Light Therapy – Light therapy has been successful in helping patients finding the appropriate circadian rhythm so that they may establish good sleeping habits. Exposure to light and dark, and forced sleep changes have shown promising effects for those with depression and other mood disorders. Bipolar patients must focus on good sleep hygiene and habits, so light therapy can help patients develop new sleeping habits and help their bodies find natural rhythms.
Interpersonal and Social Rhythm Therapy (IPSRT) – Interpersonal and Social Therapy is based on the idea that while bipolar disorder is primarily a biological illness, certain events or situations that bring high stress, conflict, or a disruption in personal relationships can trigger episodes of depression, or make it more difficult to handle.

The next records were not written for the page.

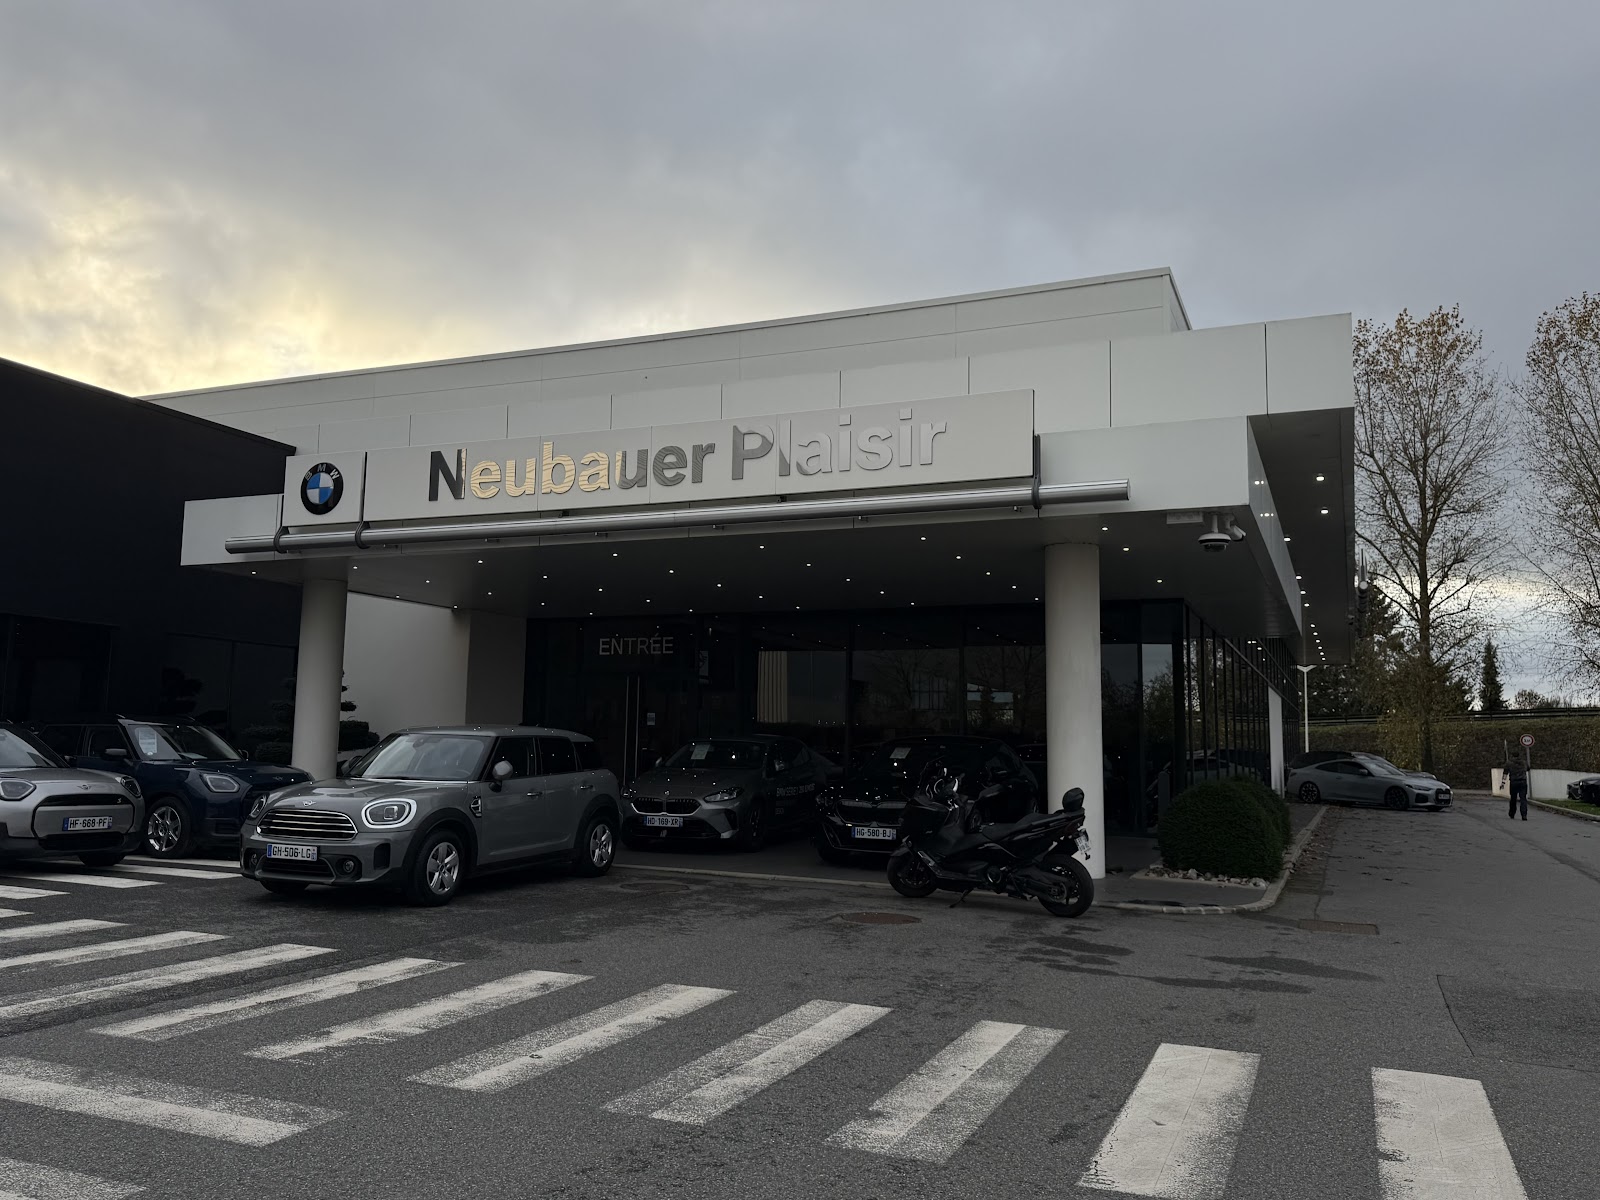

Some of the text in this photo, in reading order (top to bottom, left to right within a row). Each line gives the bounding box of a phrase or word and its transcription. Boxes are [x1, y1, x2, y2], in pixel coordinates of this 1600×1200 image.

[428, 408, 949, 502] Neubauer Plaisir
[304, 463, 340, 481] BMW
[599, 632, 674, 656] ENTRÉE
[69, 818, 107, 829] HF-668-PF
[856, 828, 891, 838] HG-580-BJ
[272, 845, 311, 859] GH-506-LG

Like light therapy, IPSRT focuses on the circadian rhythms of a patient, and emphasizes the importance of daily routines to minimize potential relapses, and help patients deal with interruptions more productively (Inder et al., 2015). IPSRT does rely on patients continuing to take their medication so studies reflect this as a collaborative approach, but the study conducted by Inder et al. indicated success in several behavioral and interpersonal metrics with patients in the 15-36 age group.

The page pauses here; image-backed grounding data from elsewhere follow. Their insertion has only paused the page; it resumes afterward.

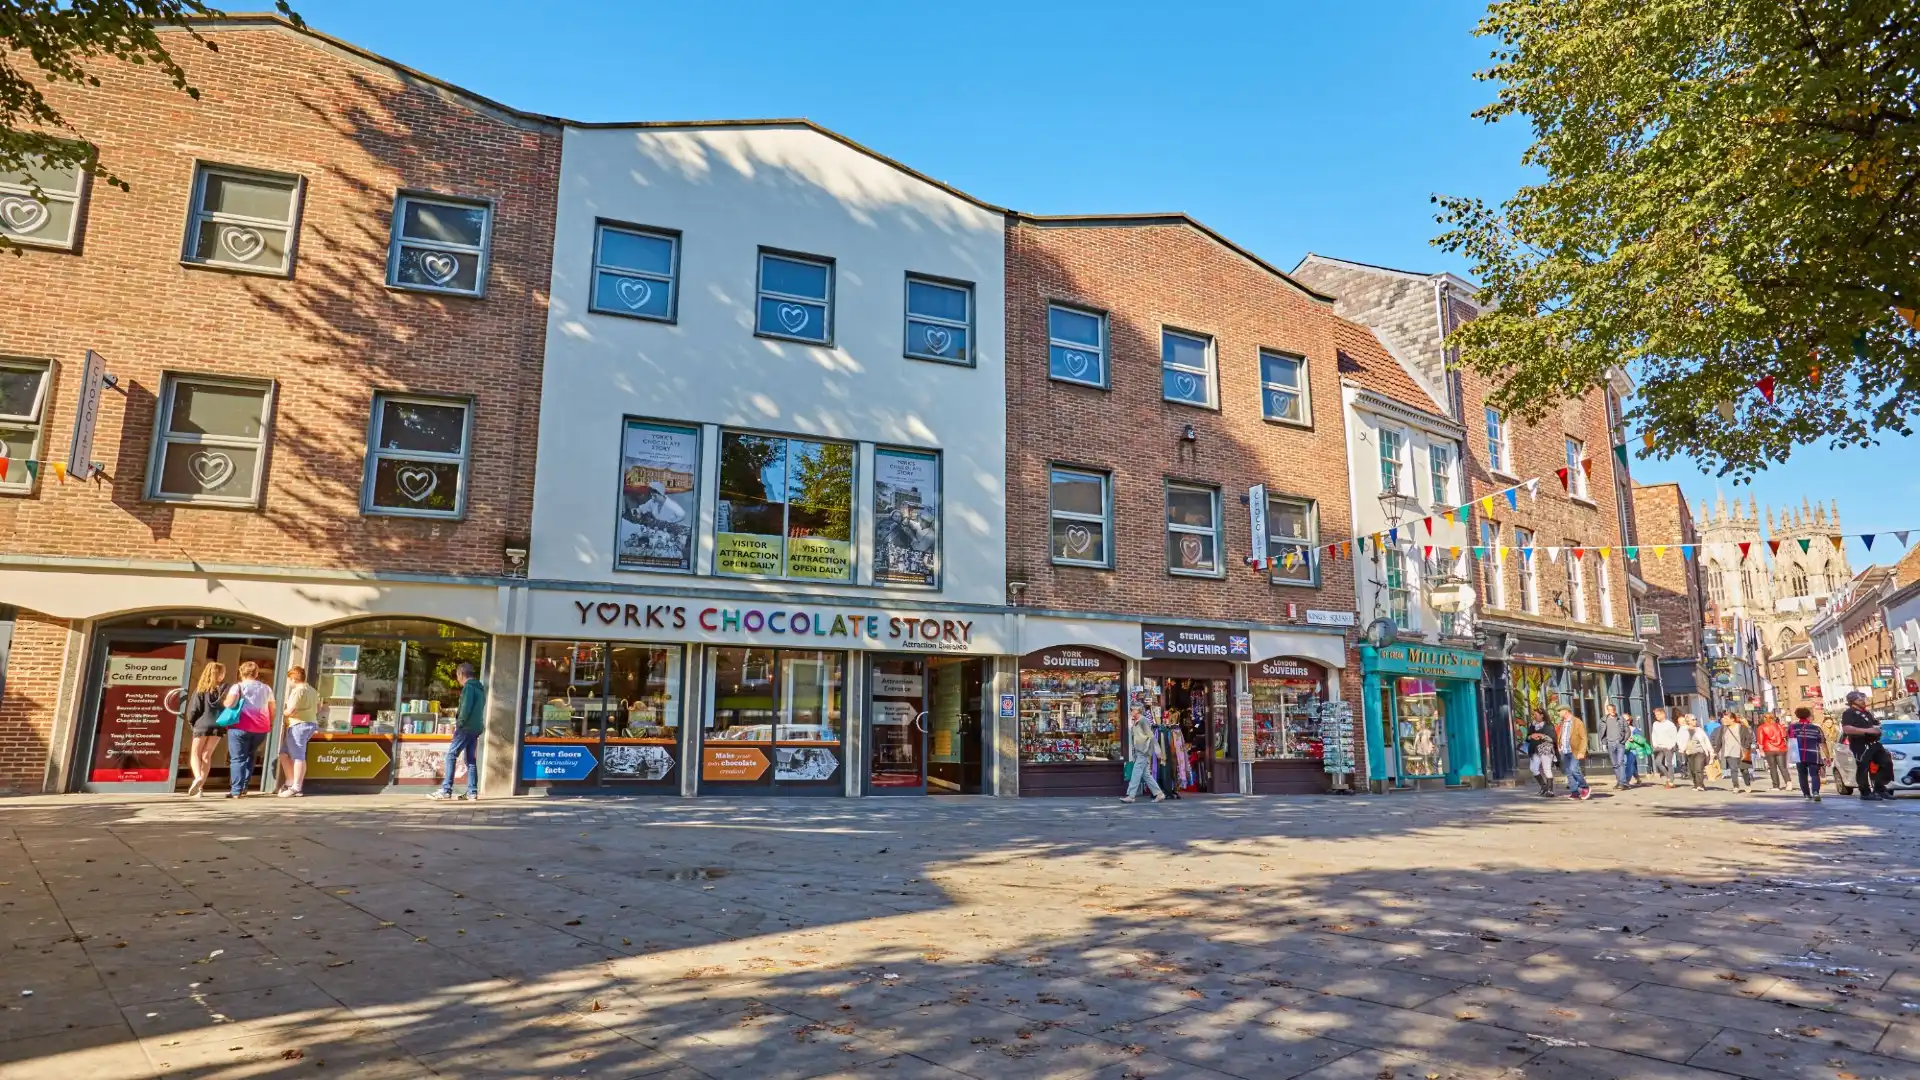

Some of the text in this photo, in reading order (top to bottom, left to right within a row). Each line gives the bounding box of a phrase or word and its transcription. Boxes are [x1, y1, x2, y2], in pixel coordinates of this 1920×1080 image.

[732, 540, 767, 549] VISITOR
[720, 549, 779, 560] ATTRACTION
[802, 545, 835, 555] VISITOR
[790, 554, 847, 565] ATTRACTION
[722, 560, 776, 570] OPEN DAILY
[792, 565, 844, 574] OPEN DAILY
[699, 607, 878, 638] CHOCOLATE
[889, 617, 973, 641] STORY
[1179, 632, 1216, 641] STERLING
[902, 640, 937, 649] Attraction
[1408, 647, 1458, 666] MILLIE'S
[125, 663, 148, 671] Shop
[328, 746, 346, 755] Join
[316, 755, 372, 764] fully guided
[720, 759, 757, 767] chocolate
[544, 766, 566, 774] facts

Cognitive Behavioral Therapy (CBT) – Cognitive Behavioral Therapy is a therapy designed to teach patients how to recognize underlying thought patterns that trigger mood swings and be more attentive to their feelings so they may take appropriate steps to manage them before they become too severe. Care providers who believe their patients with mood disorders would benefit from an intervention designed to help patients re-frame their thinking, and develop new strategies to deal with challenges, changes, and roadblocks frequently recommend CBT.
Family-Focused Therapy – Holistic care acknowledges that managing mental health can be a group effort. In addition to the steps taken by the patient with BPD, some practitioners will emphasize family focused therapy. This form of therapy explores the family’s role and impact on supporting someone with BPD, as well as providing skills for managing stress and communication. The goal of family focused therapy is to help ease stress and create a healthy and supportive home environment, and help family members be active participants in patient wellness.
Bipolar is a manageable mental health disorder, but developing a wellness plan that guides a patient towards management can be challenging. Prescription medication is important, but many patients find that alternative therapies can greatly support the strides that a patient is making. Therapies like the ones listed above may be truly viable choices for patients who are interested in supplementing their medical regimen with non-medication based interventions. Working with a care team that includes your doctor, personal support network, and other care providers will help a patient develop an individualized approach to managing their bipolar disorder.
References
- Bendetti, F. (2012). Antidepressant chronotherapeutics for bipolar depression. Dialogues in Clinical Neuroscience, 14(4), 401-411.
- Inder, M., Crowe, M., Luty, S., Carter, J., Moor, S., Frampton, C., and Joyce, P. (2015). Randomized, controlled trial of Interpersonal and Social Rhythm Therapy for young people with bipolar disorder. Bipolar Disorder, 17(2). 128-138.
- Stange, J. P., Eisner, L. R., Hölzel, B. K., Peckham, A. D., Dougherty, D. D., Rauch, S. L., and Deckersbach, T. (2011). Mindfulness-Based Cognitive Therapy for Bipolar Disorder: Effects on Cognitive Functioning. Journal of Psychiatric Practice, 17(6), 410–419.